Remember that if you miss your CSA pickup for any reason, you can always come get it out at the farm through Saturday evening of that week (Tuesday PBMC members can get it from the PBMC cafeteria through Friday). In a picture on HCF’s Facebook page this week CJ demonstrates a little umbrella twirling in front of the walk-in fridge, which is located immediately to your left upon entering the farm driveway. Your share and all the add-ons will be located in there. Just please make sure that once you leave the walk-in you put your veggies down and use two hands to firmly close the walk-in door. It must click shut to stay properly cool, and it’s not a simple thing to do without some force or a body check!

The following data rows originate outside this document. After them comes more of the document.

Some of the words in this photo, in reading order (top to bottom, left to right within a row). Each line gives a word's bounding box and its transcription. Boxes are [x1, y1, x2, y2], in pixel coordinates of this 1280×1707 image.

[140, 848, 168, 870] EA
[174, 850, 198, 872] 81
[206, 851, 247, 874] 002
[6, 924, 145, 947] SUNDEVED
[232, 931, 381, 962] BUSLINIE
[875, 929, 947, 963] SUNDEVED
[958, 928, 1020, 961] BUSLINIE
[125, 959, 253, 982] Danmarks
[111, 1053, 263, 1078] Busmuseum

Each week’s newsletter will list the vegetables in that week’s share. The items listed will be in every veggie share that week, but the items in brackets (e.g. [gailon broccoli]) are items that every pickup day may not receive that week. I keep track of everything and make sure that it’s fair in the long run, and so if you don’t receive the item in brackets that week you can be pretty confident that it’ll arrive the following week. Remember that if you see add-on shares that you’re interested in, you can still sign up for them. Just send me an email listing what you would like to add.

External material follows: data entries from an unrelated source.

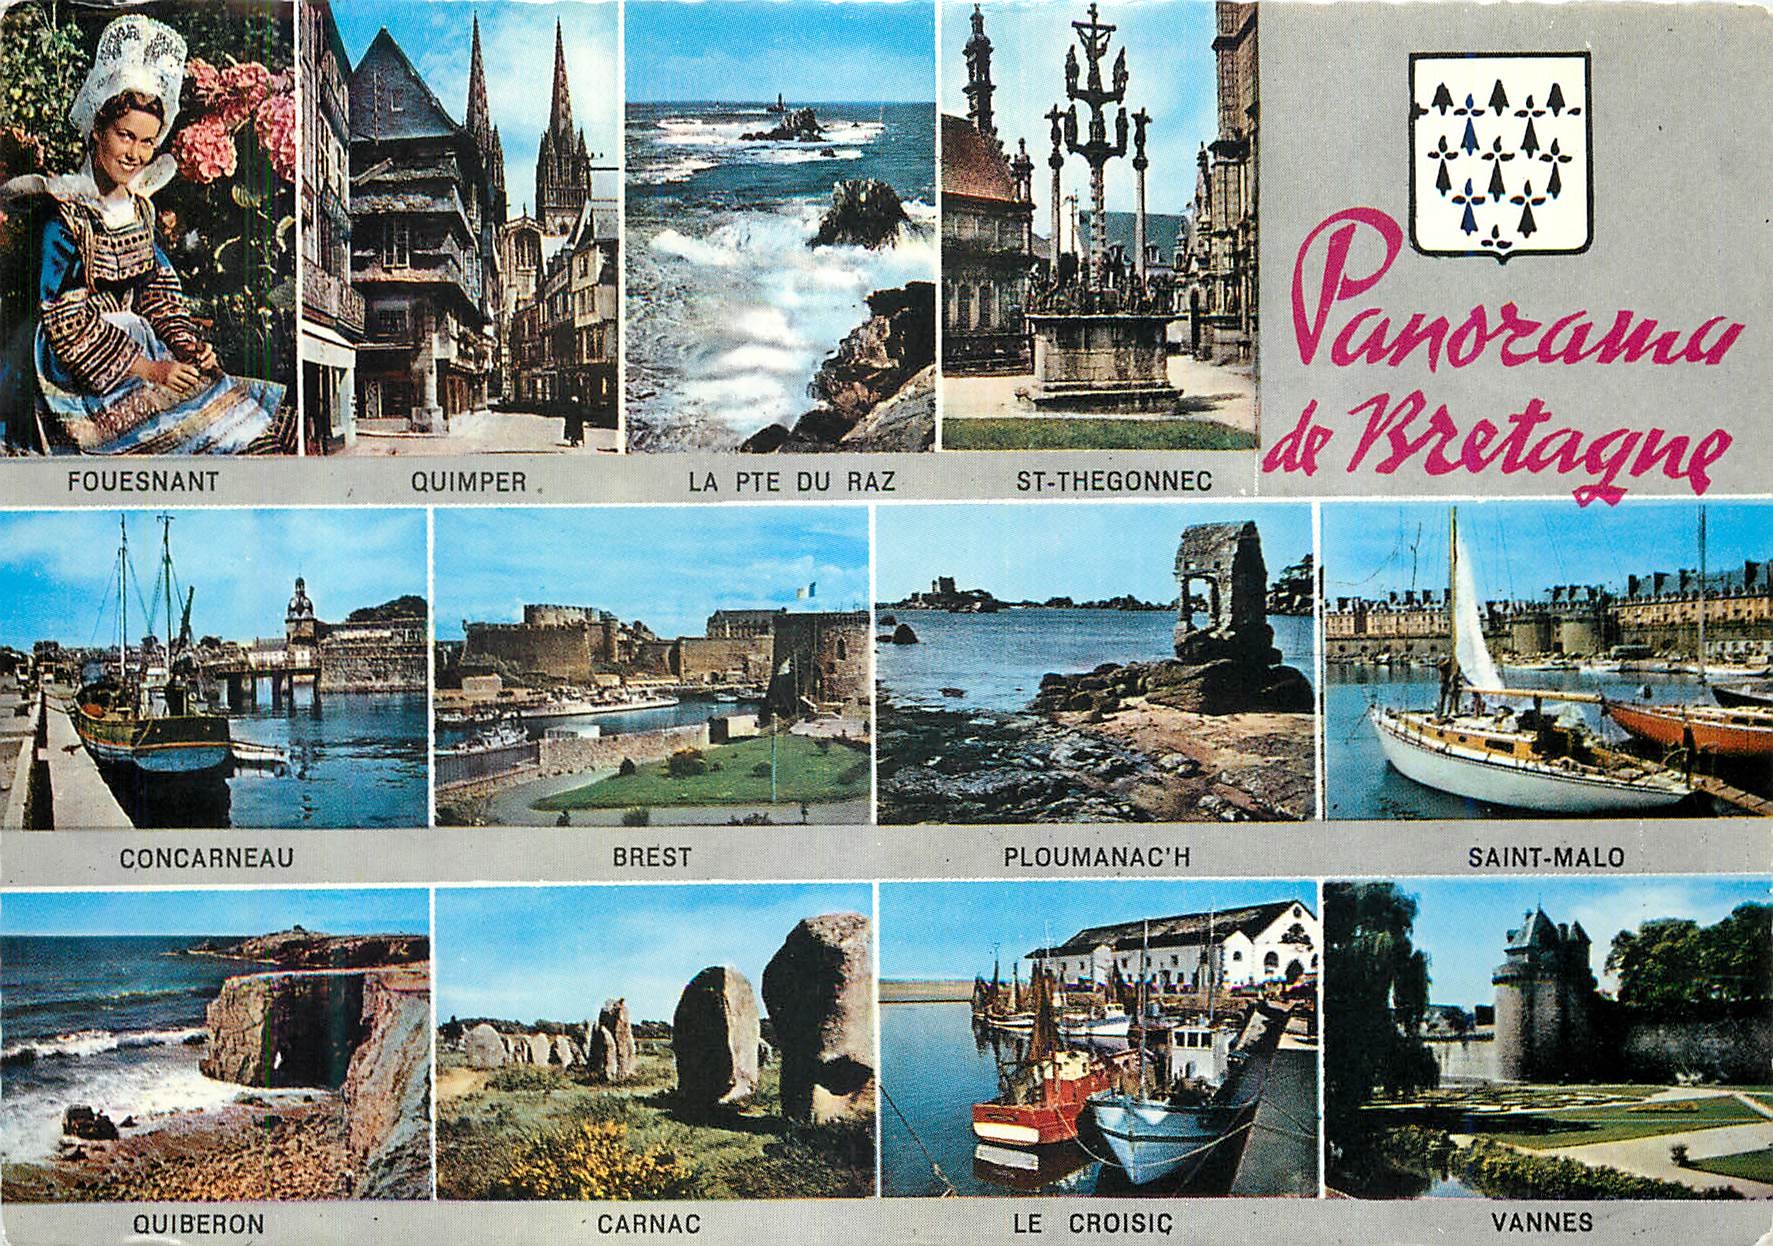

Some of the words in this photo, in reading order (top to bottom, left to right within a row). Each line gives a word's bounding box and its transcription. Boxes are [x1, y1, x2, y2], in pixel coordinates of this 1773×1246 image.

[1291, 207, 1745, 373] Panorama
[1262, 399, 1333, 477] de
[1347, 390, 1733, 507] Bretagne
[68, 470, 220, 492] FOUESNANT
[411, 471, 526, 493] QUIMPER
[689, 471, 718, 492] LA
[736, 471, 780, 492] PTE
[797, 471, 830, 492] DU
[848, 470, 896, 492] RAZ
[1017, 470, 1213, 492] ST-THEGONNEC
[120, 847, 294, 869] CONCARNEAU
[613, 846, 692, 868] BREST
[1004, 846, 1190, 868] PLOUMANAC'H
[1468, 846, 1625, 868] SAINT-MALO
[133, 1213, 264, 1235] QUIBERON
[597, 1213, 701, 1235] CARNAC
[1014, 1212, 1042, 1234] LE
[1490, 1211, 1593, 1233] VANNES

We have a really wonderful crew on the farm this year, and I’ll be introducing them in future newsletters. But you’ll also start to meet them at the pick-ups this week, too: Cara, Michael, Lila and Frances. They’re awesome!  

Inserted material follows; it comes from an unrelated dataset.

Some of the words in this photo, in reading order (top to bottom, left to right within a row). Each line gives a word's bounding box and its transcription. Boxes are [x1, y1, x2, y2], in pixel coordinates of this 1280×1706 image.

Have a great week, please be in touch with any questions, and enjoy your veggies!

Reba and Bill and the HCF crew    

Summer CSA Week 1 of 16: Salad Mix, Spinach, Swiss Chard, Bok Choy, Radishes, Hakurei Turnips, [Gailon Broccoli]  

A little more about this week’s veggies:

  • Hakurei Turnips: a crunchy, almost creamy fresh-eating “salad” turnip. You can cook the turnip greens, and many people love Hakurei roasted, but my favorite way to eat them is sliced up raw into salads or slaws.
  • Bok Choy: a type of Chinese cabbage with smooth, wide stalks. Great in stir-fries, soups, and raw in slaws.
  • Swiss Chard: I think rainbow chard is one of the most beautiful vegetables we grow on the farm. Closely related to beet greens, chard is great cooked any way that you would use spinach or other leafy greens. The stalks are also great — just chop them up and cook them slightly longer than the leaves.
  • Mesclun Mix: Our salad (“mesclun”) mix differs every week, depending on the point in the season, the weather, and the maturity of the plantings. Usually the salad includes a mix of many types of baby lettuce and mustard greens such as red giant, golden frill, ruby streaks, arugula and more. The ratios and the varieties change from week to week, and the flavors change with the weather — a spicy mix one week might be much mild the following week.
  • Gailon Broccoli: Our favorite new discovery as of a few years ago. Gailon is a non-heading cousin of broccoli, and every part of it is edible — the floret, the stalk, the flowers, and the leaves. It’s delicious! I think it’s sweeter and better than nearly all traditional broccoli heads!
  • Radishes: Eat them sliced thin, with butter and salt, just like the French. Or chop them up into a salsa! Radishes give a wonderful splash of color in the otherwise green palate of spring and early summer.  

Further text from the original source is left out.